HeLa cells treated with negative control (siCtrl, a–c), or µ2-adaptin (siAP2M1, a), dynamin-2 (siDNM2, b–c), or clathrin heavy chain (siCLTC, c) siRNAs. a, b Measure of anti-CD166 and transferrin (Tf) endocytosis by loss of surface assay in flow cytometry. a Number of independent experiments: anti-CD166, n = 3; Tf, n = 4. b Three independent experiments. NS, not significant. ****P < 0.0001 (RM two-way ANOVA with Bonferroni’s multiple comparison test). c Continuous uptake of anti-CD166 antibody for 10 and 30 min. Internal fluorescence quantified from confocal images and plotted as the relative percentage of siCtrl condition at 10 min. n cells, two independent experiments. NS not significant. ****P < 0.0001 (Kruskal–Wallis test with Dunn’s multiple comparison post hoc test, two-sided). The Western blots against α-adaptin (a), dynamin (b, c), and clathrin heavy chain (c) document the efficiency of siRNAs. Loading control, α-tubulin. d Continuous co-uptake of anti-CD166 antibody (red) and fluorescent Tf (green) for 5 min in HeLa cells.

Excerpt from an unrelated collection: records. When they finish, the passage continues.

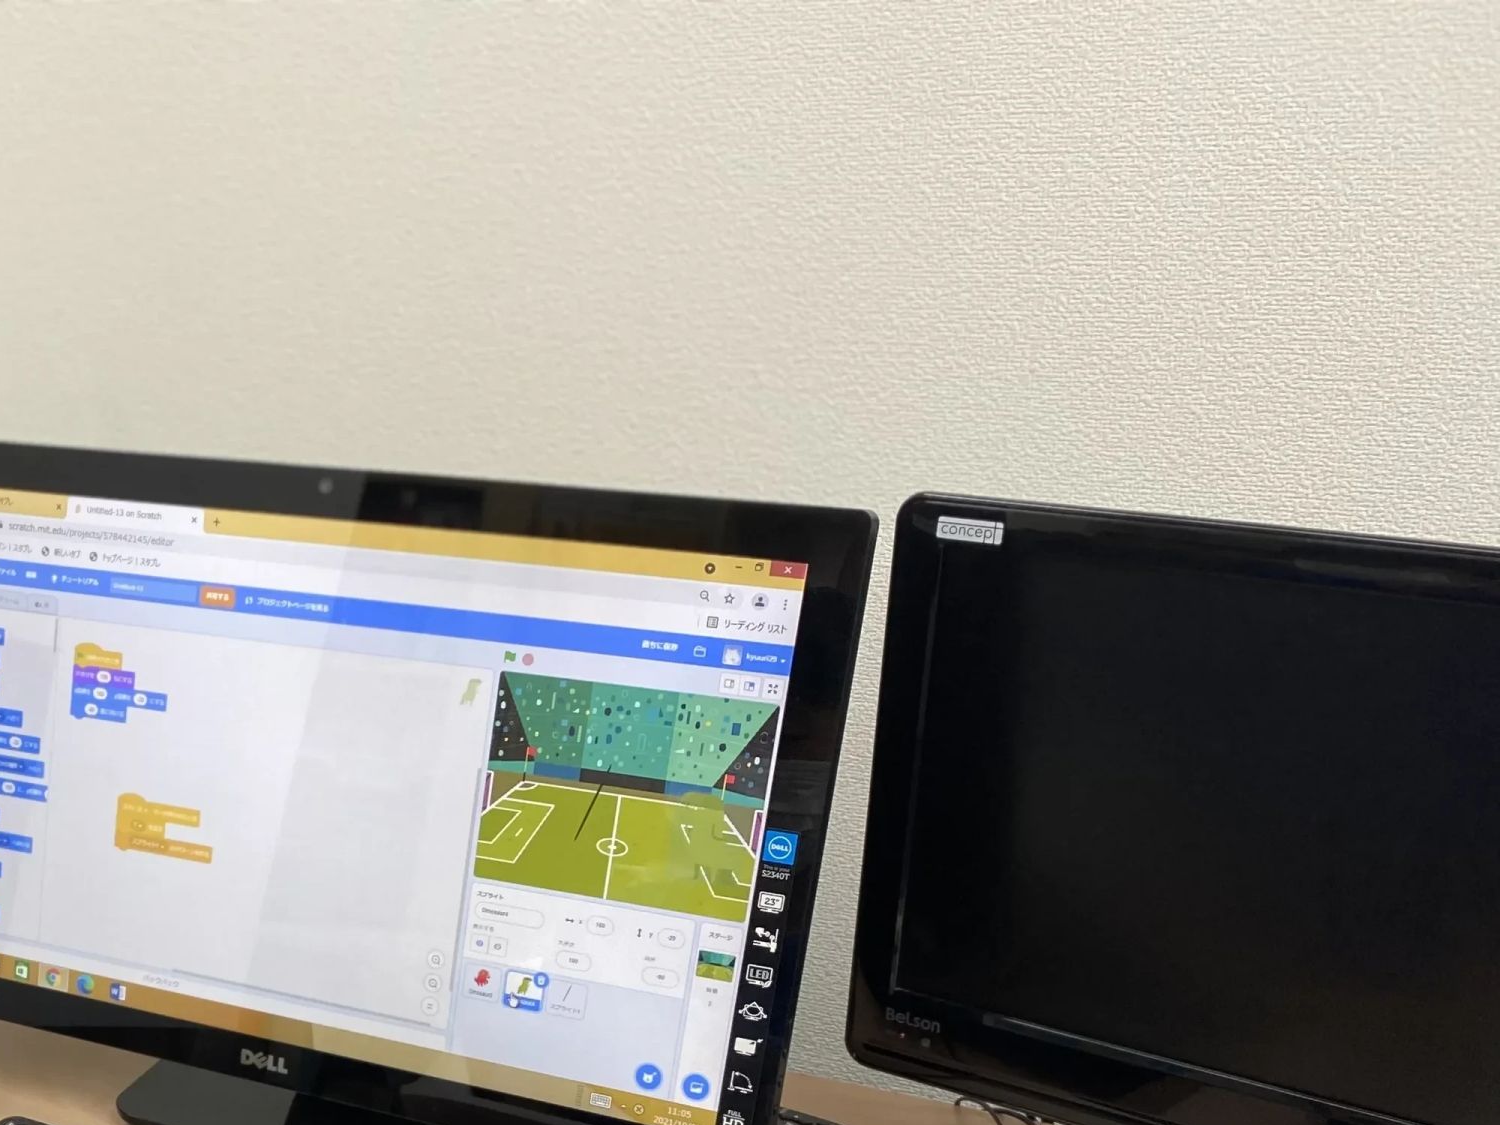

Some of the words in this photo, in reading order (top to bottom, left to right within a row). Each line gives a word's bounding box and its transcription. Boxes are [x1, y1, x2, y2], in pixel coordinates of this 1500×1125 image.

[86, 506, 125, 518] Untitled-13
[136, 511, 162, 521] Scratch
[723, 619, 766, 633] リーディング
[767, 624, 788, 635] リスト
[770, 843, 789, 852] DELL
[761, 869, 791, 880] S2340T
[749, 968, 769, 980] LED
[240, 1048, 288, 1075] DELL
[668, 1106, 692, 1118] 11:05
[727, 1109, 742, 1117] FULL

No co-localization between the two markers (see insets). Representative of three independent experiments. e–h Endocytosis imaged by lattice light-sheet microscopy on live cells. Full 3D volume of 60 planes per U2OS cell acquired within 3 s. Average endocytic intensity traces per lifetime, and classification of endocytic events for anti-CD166 (e) and Tf (g) uptake. Green, endogenous genome-edited CLTA-mRFP; Orange, cargo. Lifetime cohorts of endocytic trajectories show a “dome”-shaped intensity profile of cargoes and co-tracking or not with clathrin. f, h 2D projections of acquired 3D stacks of cargo (red), clathrin (green), and overlay (yellow). Representative of ten experiments. All ten experiments were used for quantifications (e, g). Scale bars, 5 µm (d), 10 µm (f, h). Data are mean ± s.e.m. Source data are provided as a Source Data file and in Supplementary Fig. 11 (blots).